## Task to carry out:
A faithful, word-for-word copy of the data below is required, without pictures.

## Record set:
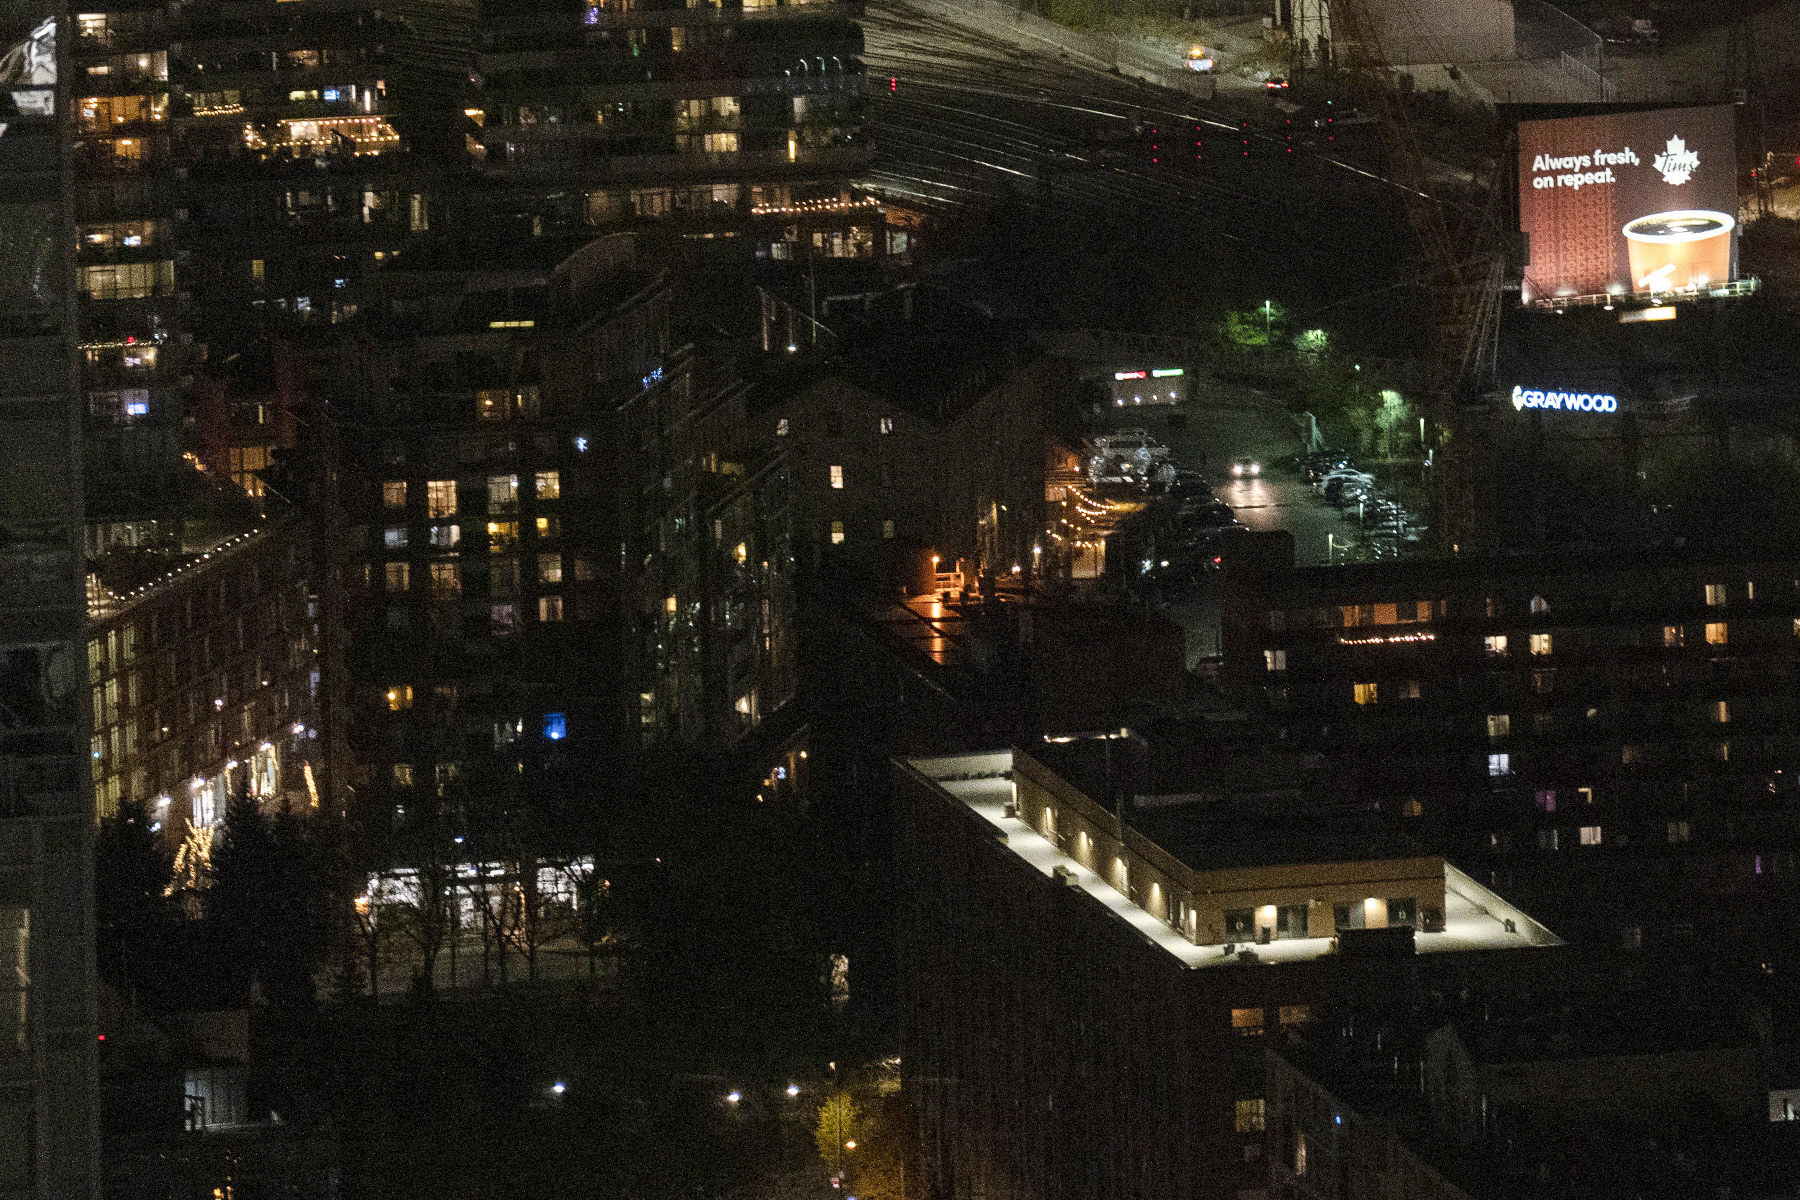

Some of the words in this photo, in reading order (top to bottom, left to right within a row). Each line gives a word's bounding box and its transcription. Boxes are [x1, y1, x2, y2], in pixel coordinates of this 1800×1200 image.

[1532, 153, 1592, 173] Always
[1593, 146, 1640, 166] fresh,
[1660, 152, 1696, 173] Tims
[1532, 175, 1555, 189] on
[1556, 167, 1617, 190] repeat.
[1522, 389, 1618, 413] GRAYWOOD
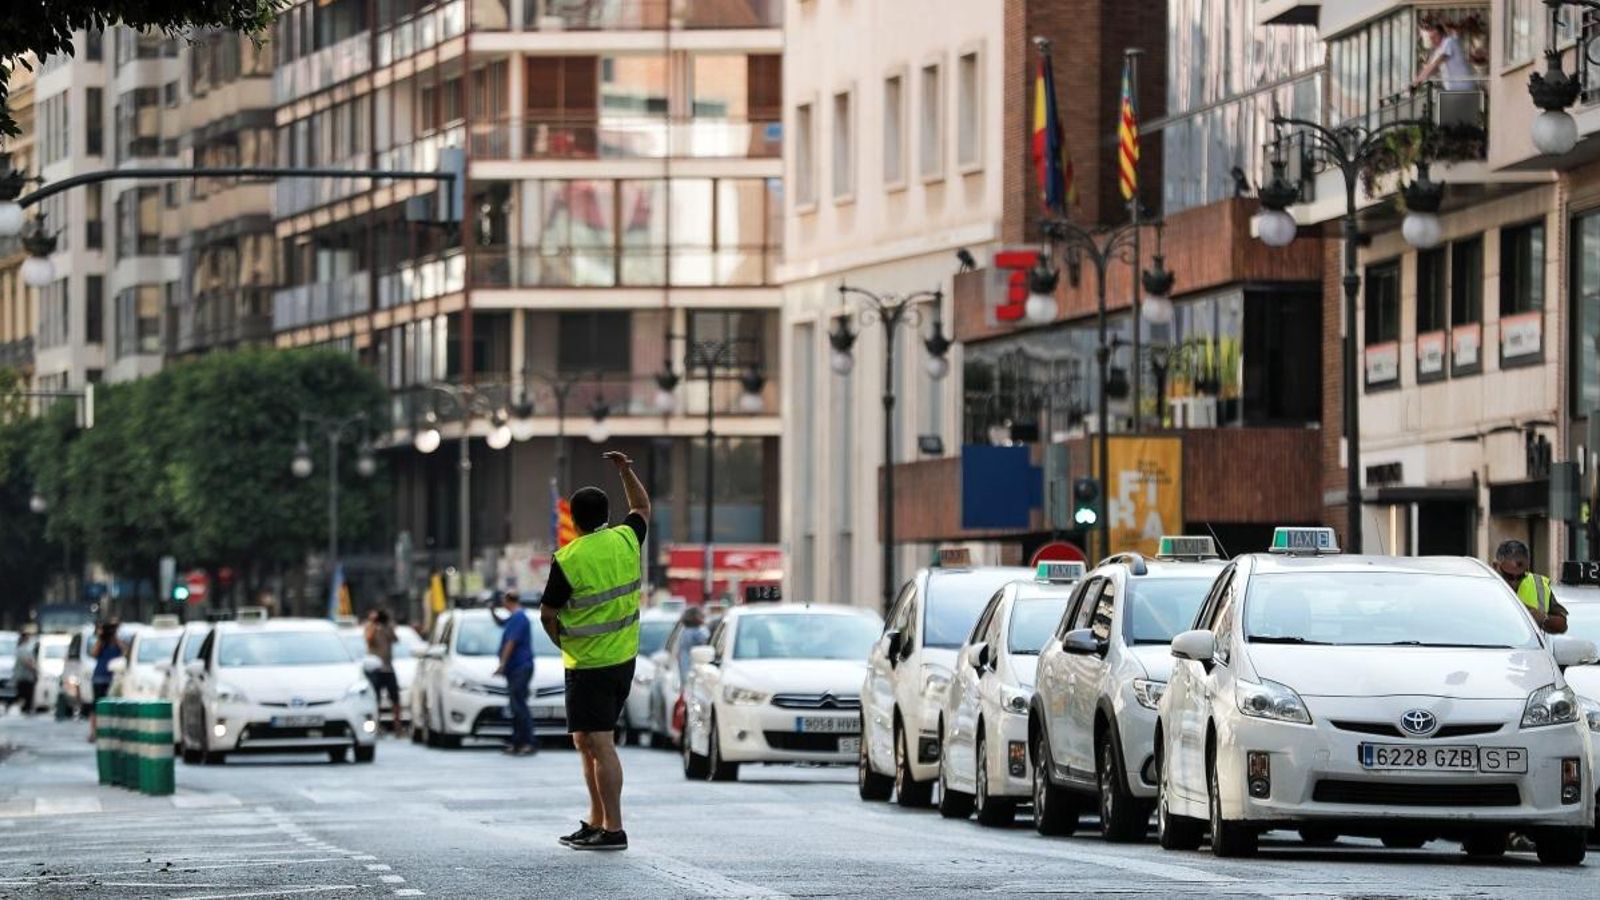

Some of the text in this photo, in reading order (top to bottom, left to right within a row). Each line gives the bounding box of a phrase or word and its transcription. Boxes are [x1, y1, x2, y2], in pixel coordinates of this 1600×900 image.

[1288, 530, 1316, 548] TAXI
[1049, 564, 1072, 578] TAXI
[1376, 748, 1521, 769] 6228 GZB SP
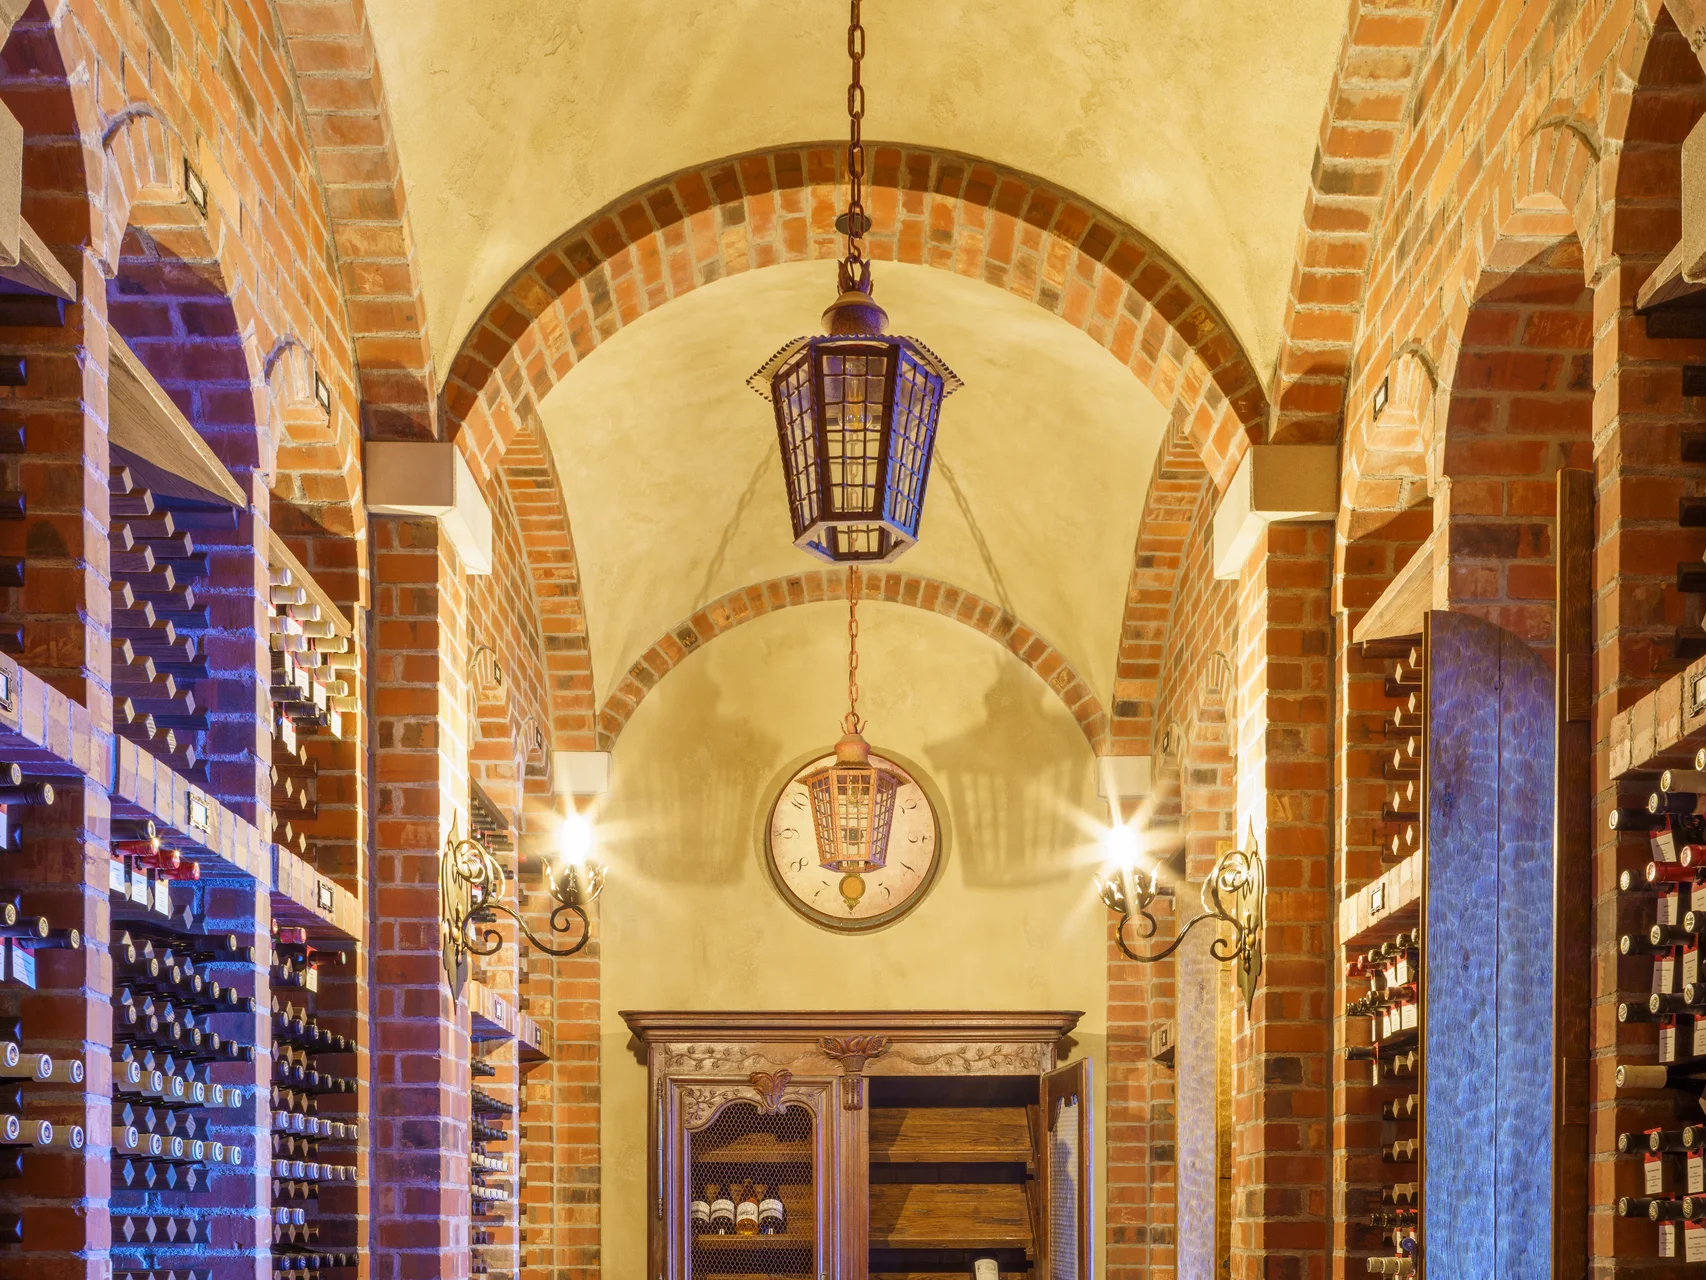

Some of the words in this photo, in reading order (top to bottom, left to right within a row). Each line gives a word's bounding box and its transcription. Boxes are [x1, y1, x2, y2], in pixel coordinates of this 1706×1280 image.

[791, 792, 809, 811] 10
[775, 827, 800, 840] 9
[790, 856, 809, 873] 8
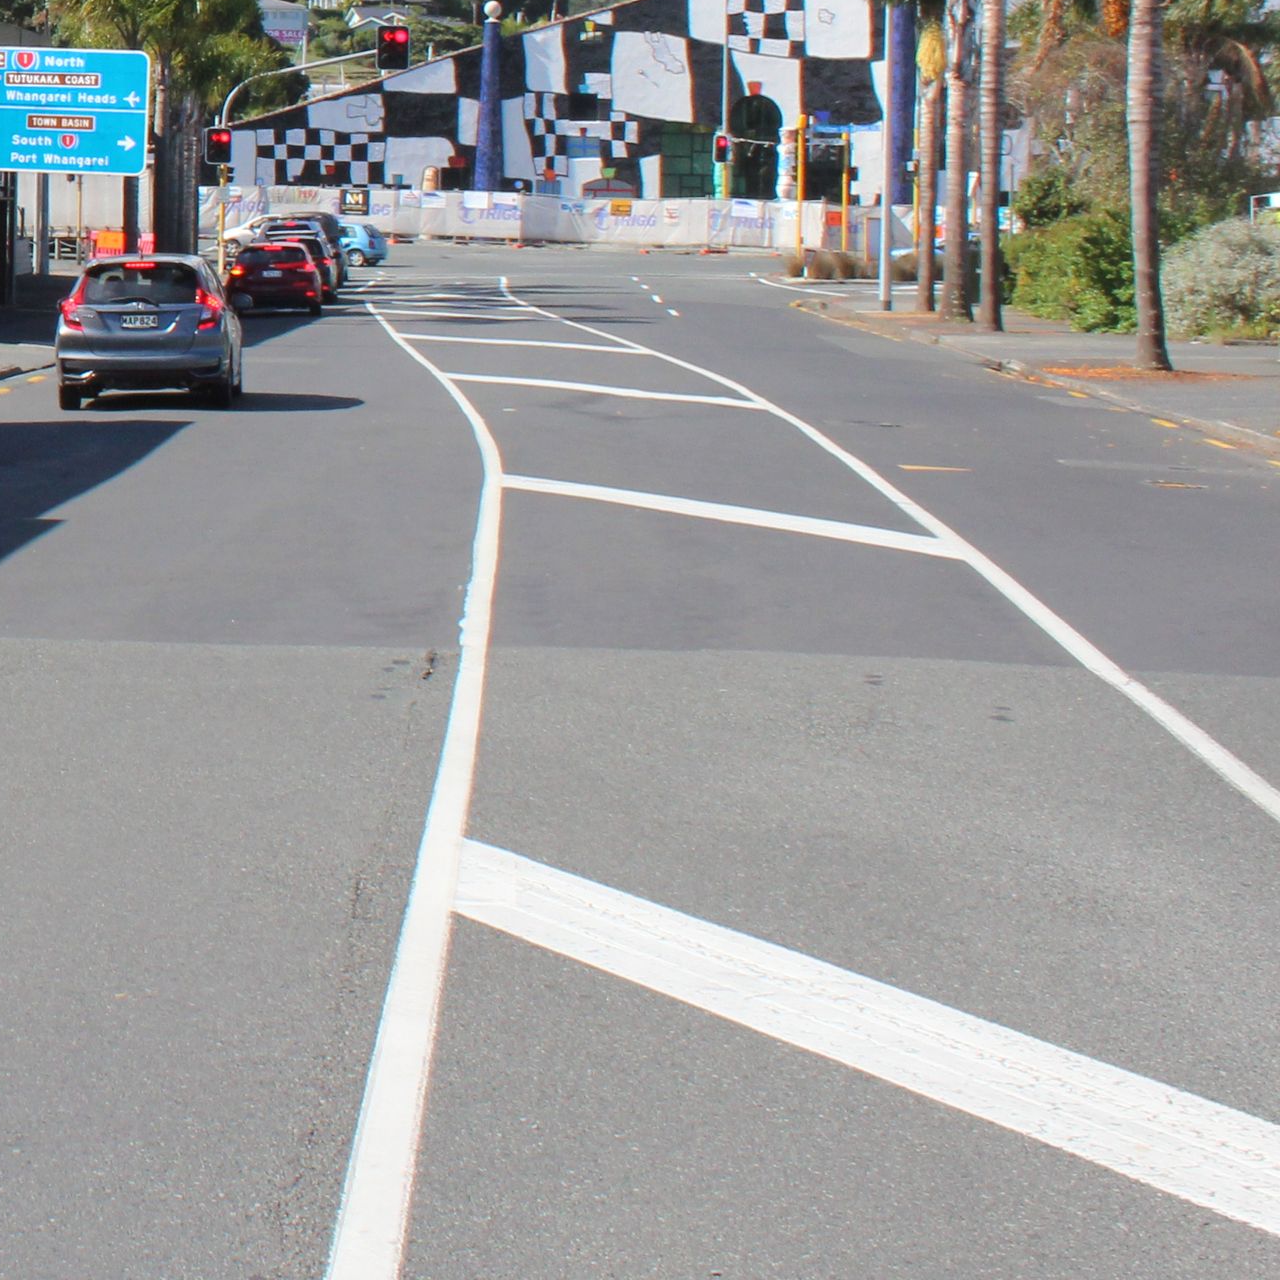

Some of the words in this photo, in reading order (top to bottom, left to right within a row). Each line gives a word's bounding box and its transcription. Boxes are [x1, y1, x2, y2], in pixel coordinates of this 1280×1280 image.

## Task output:
Some of the words in this photo, in reading order (top to bottom, left to right within a row). Each line gives a word's bounding box and its transcription. Boxes are [x1, y1, x2, y2], in pixel coordinates of this 1800×1200 image.

[1532, 153, 1592, 173] Always
[1593, 146, 1640, 166] fresh,
[1660, 152, 1696, 173] Tims
[1532, 175, 1555, 189] on
[1556, 167, 1617, 190] repeat.
[1522, 389, 1618, 413] GRAYWOOD

Some of the text in this photo, in reading order (top to bottom, left to right within a row). Each line gives the bounding box of a phrase or word and its transcription. Boxes are [x1, y1, x2, y2], in pixel coordinates of this 1600×900 image.

[1288, 530, 1316, 548] TAXI
[1049, 564, 1072, 578] TAXI
[1376, 748, 1521, 769] 6228 GZB SP

Some of the words in this photo, in reading order (top to bottom, left to right within a row). Each line gives a word's bounding box and its transcription. Boxes are [x1, y1, x2, y2], in pixel coordinates of this 1706×1280 image.

[791, 792, 809, 811] 10
[775, 827, 800, 840] 9
[790, 856, 809, 873] 8

Some of the words in this photo, in reading order (top to bottom, left to right within a row). Each line gives a word's bounding box and its transcription. Boxes are [x1, y1, x2, y2], in pixel coordinates of this 1280×1280 image.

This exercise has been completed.